No obstante, el secretario técnico del Consejo de Seguridad Nacional aclaró que cualquier atentado contra la libertad de prensa es una agresión contra la sociedad y la democracia.
“La información de la Procuraduría de Justicia del estado de Chihuahua subraya que en principio, hasta este momento de la investigación, los motivos no necesariamente están vinculados a la labor profesional de estas personas”, aseguró Poiré. Añadió que no se tienen indicios específicos por parte de las autoridades locales que sugieran algún motivo relacionado con un ataque a la libertad de expresión.
El pasado 16 de septiembre, dos fotógrafos fueron tiroteados al salir de un centro comercial de Ciudad Juárez, uno de los cuales murió y el otro resultó gravemente herido.

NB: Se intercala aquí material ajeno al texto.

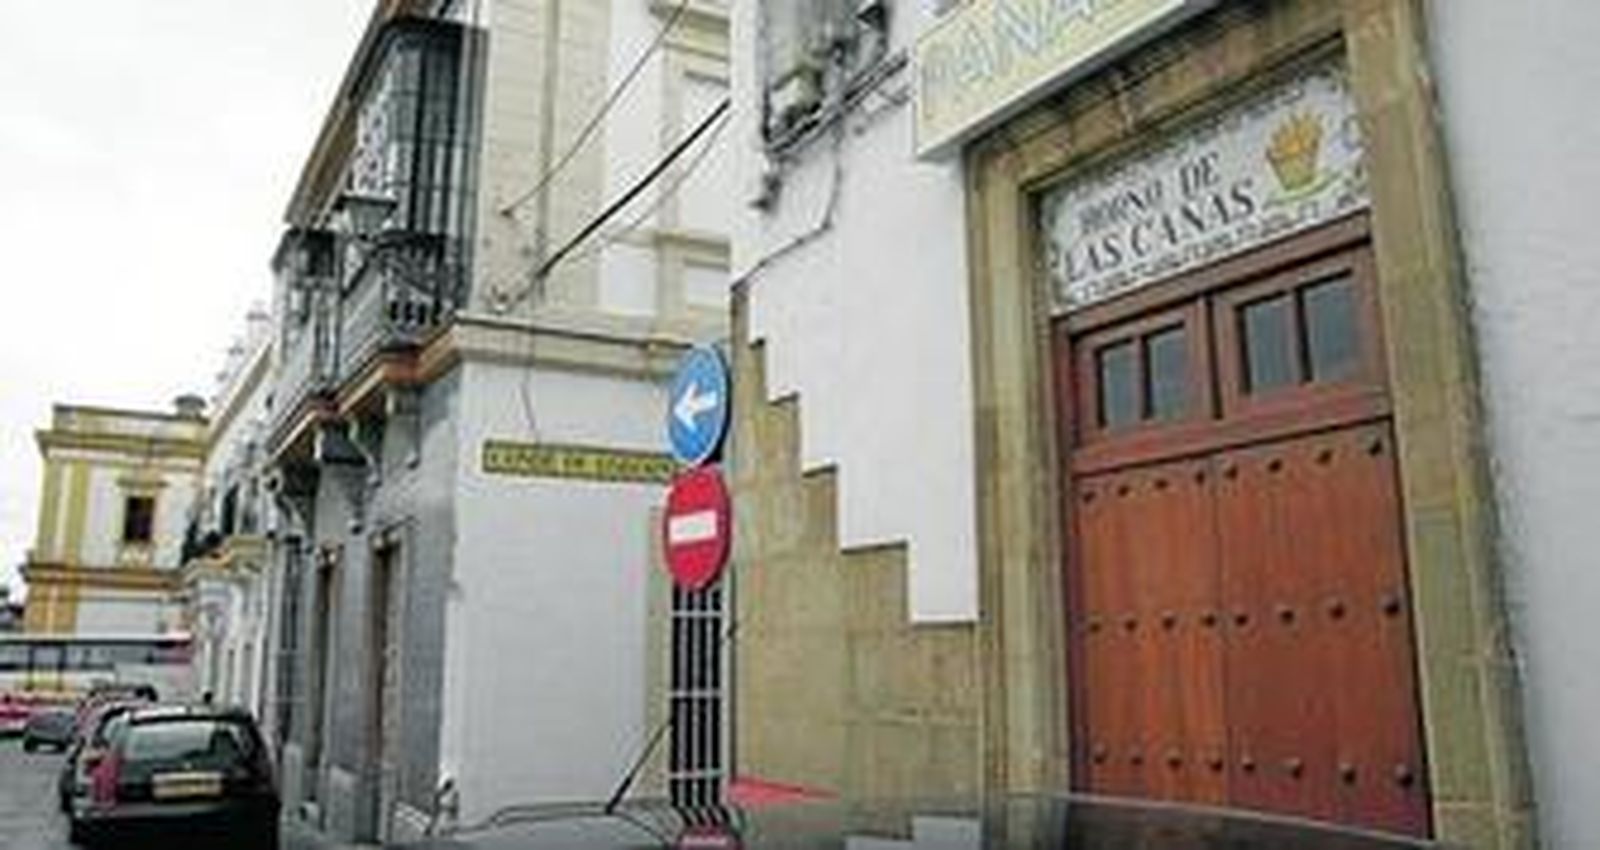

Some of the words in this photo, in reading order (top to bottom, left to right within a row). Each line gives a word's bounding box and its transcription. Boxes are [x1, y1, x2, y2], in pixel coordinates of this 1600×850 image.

Poiré rechazó cualquier tipo de pacto o tregua con el crimen organizado, como habría sugerido El Diario de Juárez, medio para el que trabajaba el fotógrafo, e insistió en que la estrategia de las fuerzas de seguridad ha tenido resultados positivos.
Por su parte, Pedro Torres, subdirector editorial de este rotativo, expresó ayer que los medios de comunicación que informan de lo que sucede en Ciudad Juárez —la urbe más violenta de México— enfrentan una “campaña sistemática” de desprestigio por parte de las autoridades, que no quieren que cuenten lo que está sucediendo en esa localidad.
Al menos diez periodistas han sido asesinados este año en México, mientras que una decena ha sido reportada como desaparecida o secuestrada, y este año se han registrado atentados con explosivos contra al menos cuatro sedes de canales de televisión.